(Records drawn from a dataset)

▶

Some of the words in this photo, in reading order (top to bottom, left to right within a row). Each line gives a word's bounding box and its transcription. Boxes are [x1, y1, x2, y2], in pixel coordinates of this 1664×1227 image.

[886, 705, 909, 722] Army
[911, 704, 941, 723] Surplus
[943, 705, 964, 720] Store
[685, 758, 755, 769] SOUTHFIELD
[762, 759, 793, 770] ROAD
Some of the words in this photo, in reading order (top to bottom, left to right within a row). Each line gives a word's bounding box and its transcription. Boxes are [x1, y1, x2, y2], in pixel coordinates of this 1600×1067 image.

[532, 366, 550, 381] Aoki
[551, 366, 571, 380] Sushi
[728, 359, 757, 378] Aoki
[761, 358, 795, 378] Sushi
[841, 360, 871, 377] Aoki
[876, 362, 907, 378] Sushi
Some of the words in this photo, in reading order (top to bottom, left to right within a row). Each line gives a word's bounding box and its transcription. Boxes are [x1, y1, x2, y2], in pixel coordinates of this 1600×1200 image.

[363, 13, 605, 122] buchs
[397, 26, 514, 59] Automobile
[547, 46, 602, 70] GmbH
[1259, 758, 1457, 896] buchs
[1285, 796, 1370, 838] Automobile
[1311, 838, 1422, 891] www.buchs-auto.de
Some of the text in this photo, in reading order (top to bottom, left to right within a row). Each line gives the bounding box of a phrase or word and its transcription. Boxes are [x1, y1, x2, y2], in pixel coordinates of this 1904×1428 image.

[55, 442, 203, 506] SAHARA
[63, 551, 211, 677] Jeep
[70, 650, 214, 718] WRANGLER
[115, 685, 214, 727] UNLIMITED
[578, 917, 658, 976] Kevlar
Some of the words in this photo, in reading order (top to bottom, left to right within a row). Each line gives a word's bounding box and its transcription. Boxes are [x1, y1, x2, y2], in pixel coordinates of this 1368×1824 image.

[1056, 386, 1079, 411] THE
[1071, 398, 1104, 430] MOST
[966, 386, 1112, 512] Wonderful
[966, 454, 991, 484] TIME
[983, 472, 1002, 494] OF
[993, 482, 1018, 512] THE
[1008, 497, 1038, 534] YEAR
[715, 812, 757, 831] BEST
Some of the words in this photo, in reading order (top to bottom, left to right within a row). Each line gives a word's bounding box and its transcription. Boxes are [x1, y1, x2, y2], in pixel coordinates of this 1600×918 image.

◀

- _PROBLEM DESCRIPTION_: The records are to be repeated in full, exactly as they stand.

- _RESPONSE_:
Some of the words in this photo, in reading order (top to bottom, left to right within a row). Each line gives a word's bounding box and its transcription. Boxes are [x1, y1, x2, y2], in pixel coordinates of this 1664×1227 image.

[886, 705, 909, 722] Army
[911, 704, 941, 723] Surplus
[943, 705, 964, 720] Store
[685, 758, 755, 769] SOUTHFIELD
[762, 759, 793, 770] ROAD
Some of the words in this photo, in reading order (top to bottom, left to right within a row). Each line gives a word's bounding box and its transcription. Boxes are [x1, y1, x2, y2], in pixel coordinates of this 1600×1067 image.

[532, 366, 550, 381] Aoki
[551, 366, 571, 380] Sushi
[728, 359, 757, 378] Aoki
[761, 358, 795, 378] Sushi
[841, 360, 871, 377] Aoki
[876, 362, 907, 378] Sushi
Some of the words in this photo, in reading order (top to bottom, left to right within a row). Each line gives a word's bounding box and its transcription. Boxes are [x1, y1, x2, y2], in pixel coordinates of this 1600×1200 image.

[363, 13, 605, 122] buchs
[397, 26, 514, 59] Automobile
[547, 46, 602, 70] GmbH
[1259, 758, 1457, 896] buchs
[1285, 796, 1370, 838] Automobile
[1311, 838, 1422, 891] www.buchs-auto.de
Some of the text in this photo, in reading order (top to bottom, left to right within a row). Each line gives the bounding box of a phrase or word and its transcription. Boxes are [x1, y1, x2, y2], in pixel coordinates of this 1904×1428 image.

[55, 442, 203, 506] SAHARA
[63, 551, 211, 677] Jeep
[70, 650, 214, 718] WRANGLER
[115, 685, 214, 727] UNLIMITED
[578, 917, 658, 976] Kevlar
Some of the words in this photo, in reading order (top to bottom, left to right within a row). Each line gives a word's bounding box and its transcription. Boxes are [x1, y1, x2, y2], in pixel coordinates of this 1368×1824 image.

[1056, 386, 1079, 411] THE
[1071, 398, 1104, 430] MOST
[966, 386, 1112, 512] Wonderful
[966, 454, 991, 484] TIME
[983, 472, 1002, 494] OF
[993, 482, 1018, 512] THE
[1008, 497, 1038, 534] YEAR
[715, 812, 757, 831] BEST
Some of the words in this photo, in reading order (top to bottom, left to right within a row). Each line gives a word's bounding box and its transcription. Boxes are [x1, y1, x2, y2], in pixel coordinates of this 1600×918 image.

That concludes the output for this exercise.